どっちが女役なのか知らねぇけどさ、痛い思いをしているわけだろ?
「俺とこうすることを考えてくれたのか」
いや、あの時は自分達のことは考えていなかったから興味本位で調べられたんだ。
「あ、いや」
「それなら、誰とすることを考えた」
目を細め俺に顔を近づけてくる。
もしかして妬いてる?
「違うよ。葉月が男と付き合ってるって話を聞いてさ、それで……」
「へぇ。で、どういうふうにやるって書いてあった?」
俺に教えてよ、そう耳元で囁く。
「ひゃ、総一さん、知っているんだろ?」
わざわざ聞くなよ、そんなこと!
「秀次の口からききたいなと思って」
教えて、と、手が太腿に触れてゆるりと撫でた。
「男のアレを、尻の中に……」
「こんな感じ?」
尻に何かがはりこむ。
「ひやぁ、何」
きもちわるい。
「や、総一さん」
出して欲しくて身体を動かすが、
「男のアレを入れる前に、ここを指で慣らしておくんだ」
と総一さんに跨ぐように抱き寄せられて、互いのモノが触れ合う。
後ろに違和感を感じるのに、押し付けられて擦られたら気持ち良くて頭の中がぼーっとしてくる。
「ん……、ふ」
前、キモチイイ。後ろもへんな感じだったのに、ある箇所に指が触れた途端、身体の芯を貫くような快感がはしり、身体が跳ねた。
「あぁっ、そこ」
「秀次の良い所に当たったようだな」
と爪を立てるようにそこを弄られる。
「あ、あぁっ、そういちさん、気持ちい」
後ろも前もと付け加えれば、総一さんが口角をあげる。
「そうか。もう嫌じゃなくなったか」
「そこ、好き」
やべぇ、おかしくなっちまうよぉ。
身体を反らせば、もっと深く互いのモノが触れ合って、蜜があふれ出る。濡れて水音を立てながらこすれ合って、音までいやらしい。

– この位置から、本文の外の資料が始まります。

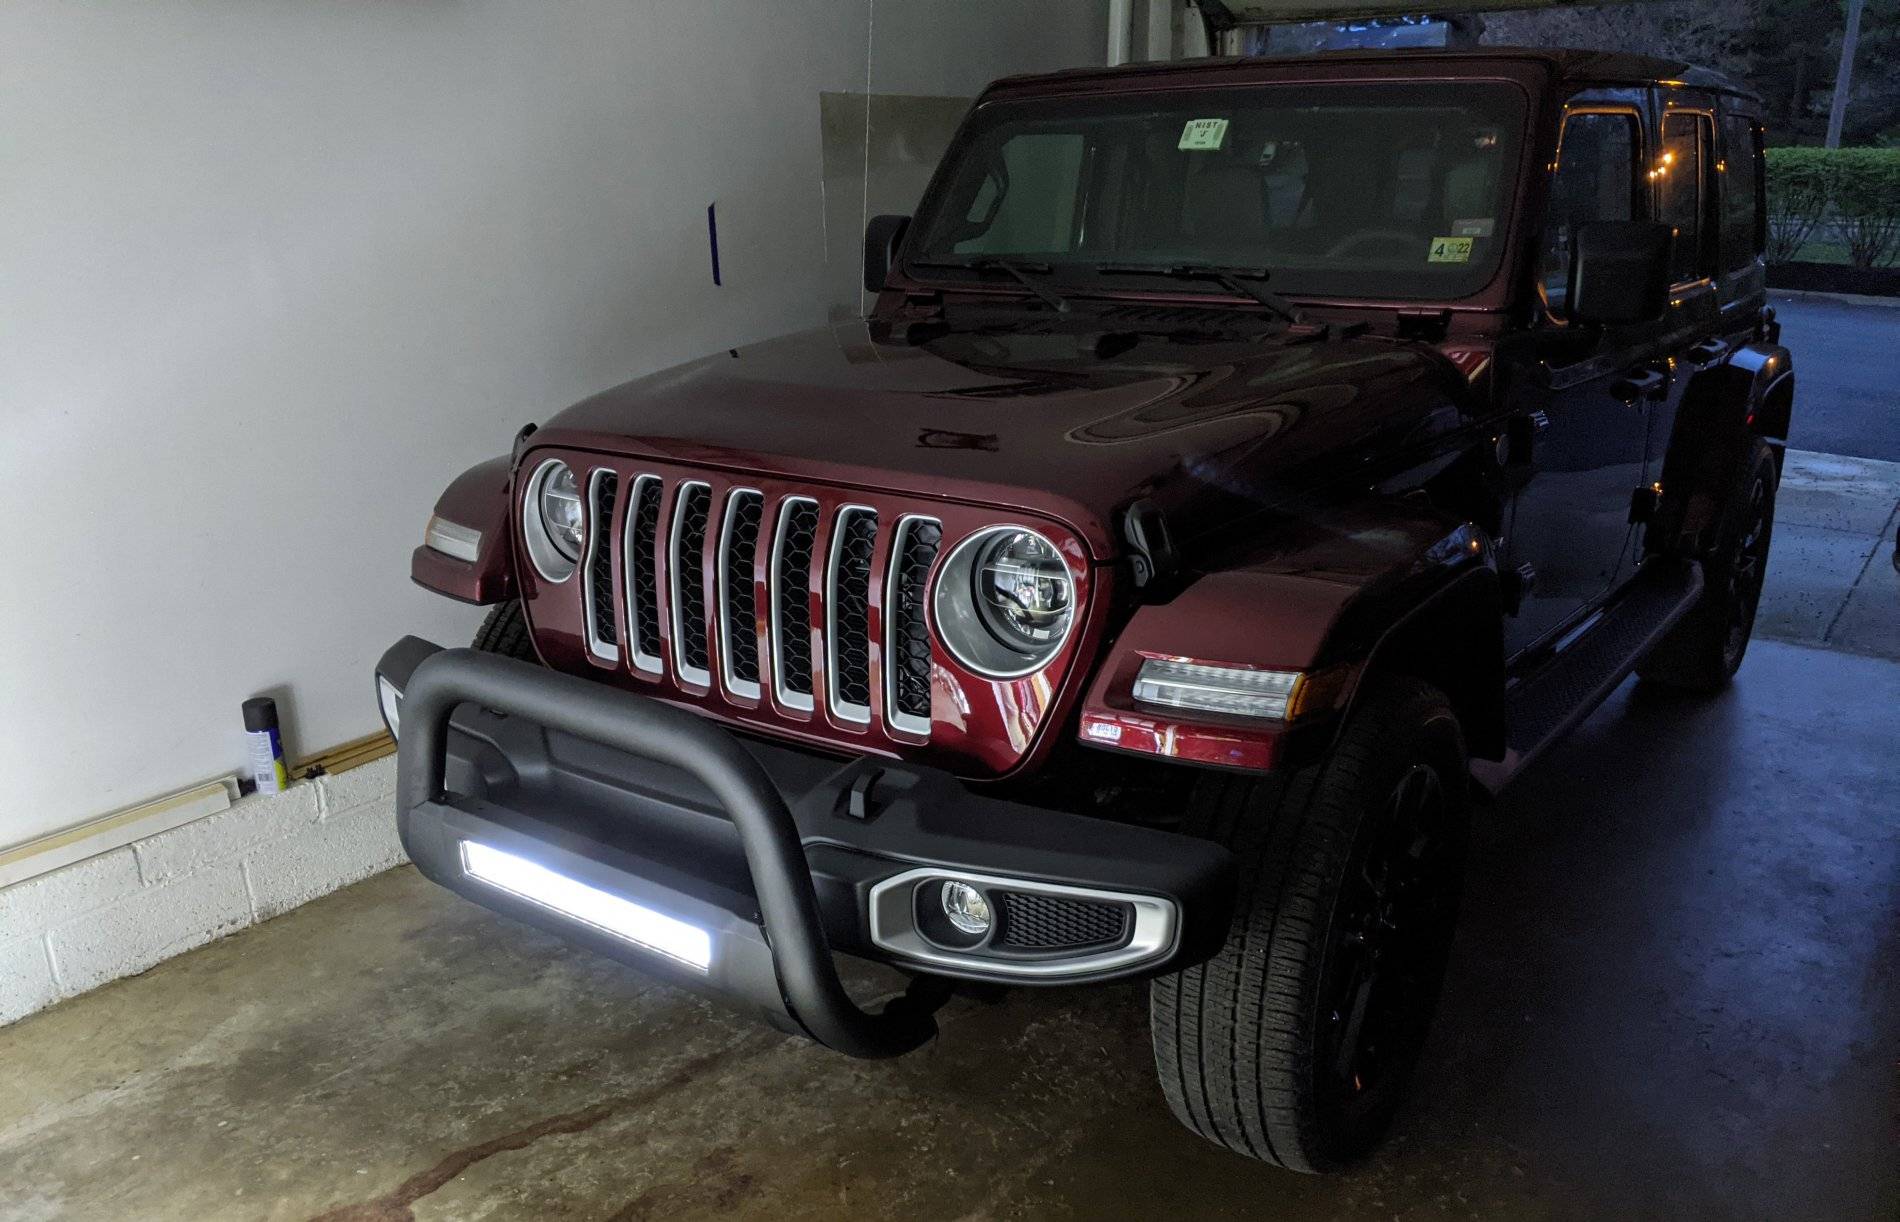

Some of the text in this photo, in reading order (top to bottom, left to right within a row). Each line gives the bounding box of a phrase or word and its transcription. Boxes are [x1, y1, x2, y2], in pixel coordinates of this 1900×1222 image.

[1195, 121, 1218, 129] NIST
[1434, 243, 1470, 257] 4 22

もっと味わっていたいのに、高みにのぼりはじけてしまいそうだ。
「そういちさん、やだ、いっちゃう」
まだイきたくない。駄々をこねるように首を振るうと、
「一緒に、な?」
と互いのモノを大きな手が掴み、イかされた。
「あ、あっ」
「くっ」
白濁が腹に飛び散る。それは混じりあい、互いを濡らした。
「あ……、だりぃ」
総一さんに身を預けるように抱きつくと、胸板に頬をくっつけた。
それにしても良い体しているよなぁ。何食ったらこうなるんだろ。
「胸とかおっきい」
ふにっと揉むと弾力性がある。
「こら、女の子のを揉むみたく触らない」
「えぇ、意外とキモチイイ」
「ふっ、だめだって、やばいから」
あれ、顔が真っ赤だな。もしかして、弱いのか、ここ。
乳首を摘まんでみたら、総一さんから色っぽい声がでた。
「こら、もう一回したくなるだろ」
「今度は俺に触らせてくれるんだろ?」
俺だってさわったり、舐めたり、吸ったりしてみたい。
「わかった」
顔を近づけあった所に、
「総ちゃん、秀ちゃん、お昼御飯よ」
と美代子さんの声。そういえば腹が減ったなと、お腹をさすると、総一さんが笑う。
「腹減ったな」
「あぁ」
気持ちいいのも良いけれど、やっぱり飯には敵わない。
ティッシュで濡れた箇所を拭き、服を身に着ける。
「また、今度な」
たまには俺の方から。首に腕を絡ませて口づける。
「ん」
いつも総一さんにやられっぱなしじゃな。
「はぁ」
目元が赤く染まり、色っぽい。
「飯」
「もう少し、総一さんを味わったらな」
舌が絡み合う。
身体が煽られ熱くなる。
「ん、おしまい」
糸が繋ぎ合い、プツリときれた。
「秀次、どうだった」
「美味かったよ」
心が満たされたから、今度はお腹な。
そういって口角をあげると、美代子さんの待つ台所へと向かう。
階段を下ったあたりで、良い匂いに刺激されたか、腹が大きな音を立てる。
「ぶはっ、大きな音をたてて」
「うるせぇよ」
軽くグーパンを脇腹に食らわせる。
ドアをあげれば、割烹着姿の美代子さんと、テーブルの上には肉中心の料理がおかれている。
「さ、座って。沢山食べてね」
俺と総一さんは席に着くと、手を合わせて、
「頂きます」
と声をあげて、茶碗を手に置かずに箸を伸ばした。